Revista do Colégio Brasileiro de Cirurgiões
Print version ISSN 0100-6991
ARAUJO FILHO, Vergillius José Furtado de et al. Thyroid-stimulating Hormone (TSH) rising following hemithyroidectomy: incidence and adjuvant factors. Rev. Col. Bras. Cir. [online]. 2007, vol.34, n.2, pp. 84-87. ISSN 0100-6991. http://dx.doi.org/10.1590/S0100-69912007000200004.

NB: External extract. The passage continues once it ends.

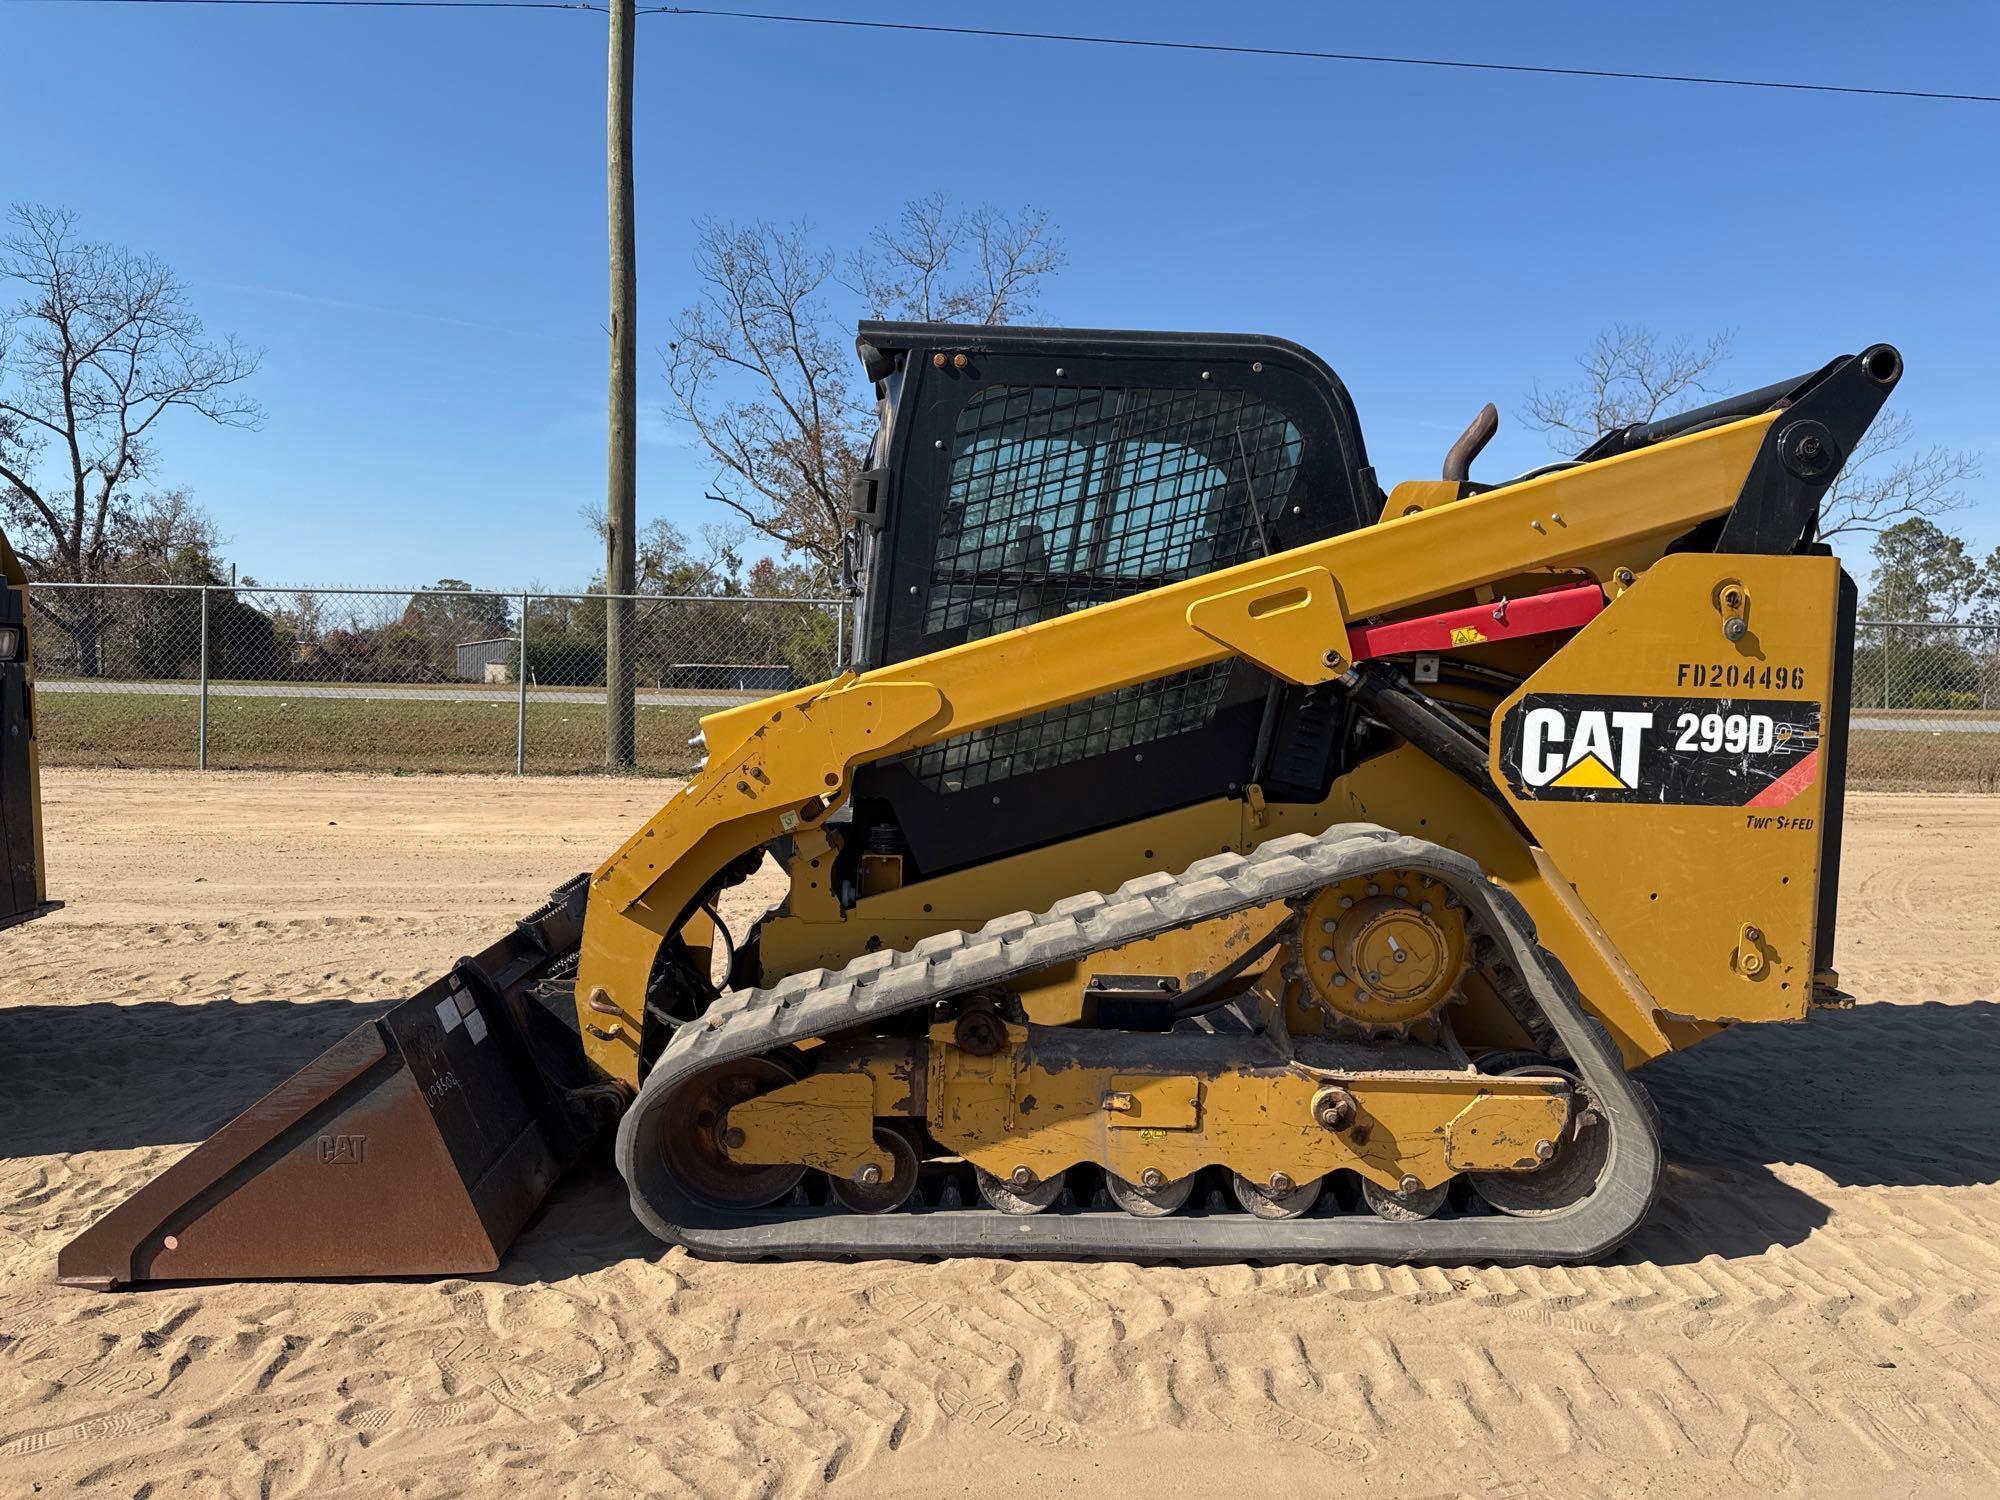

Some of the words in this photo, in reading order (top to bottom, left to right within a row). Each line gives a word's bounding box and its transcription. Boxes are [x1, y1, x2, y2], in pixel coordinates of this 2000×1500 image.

[1677, 664, 1804, 690] FD204496
[1521, 708, 1653, 789] CAT
[317, 1135, 366, 1165] CAT

BACKGROUND: To determine the frequency of serum elevations of thyrotropin in patients submitted to lobectomy within a period of up to 12 weeks after surgery, in the search for factors associated with its occurrence. METHODS: Eighty-eight patients submitted to thyroid lobectomy from September 2002 to September 2004 in the Department of Head and Neck Surgery - University of São Paulo Medical School were retrospectively analyzed. Thyroid hormone determinations were performed from 4 weeks on after the surgery. Cases of patients with altered preoperative hormone determination, need for total thyroidectomy, and loss of postoperative follow-up were excluded. Data regarding age and gender of patients, presence of thyroiditis on histopathologic analysis of the thyroid and time of emergence of hypothyroidism were studied. Statistical analysis was performed using Pearson's chi-square test. RESULTS: Of the 88 patients, 71 (80.7%) were women. The mean age was of 41.7 years. Elevation of thyrotropin was observed in 20 (22.73%) of the 88 studied patients. No statistically significant difference was observed regarding its incidence in relation to gender, age or the presence of thyroiditis. CONCLUSION: Elevation of thyrotropin is frequent after thyroid lobectomy and it may occur early after surgery. In this study, no factor that could predict its occurrence in the short term were found.
Keywords : Thyrotropin; Hypothyroidism; Thyroidectomy; Thyroiditis.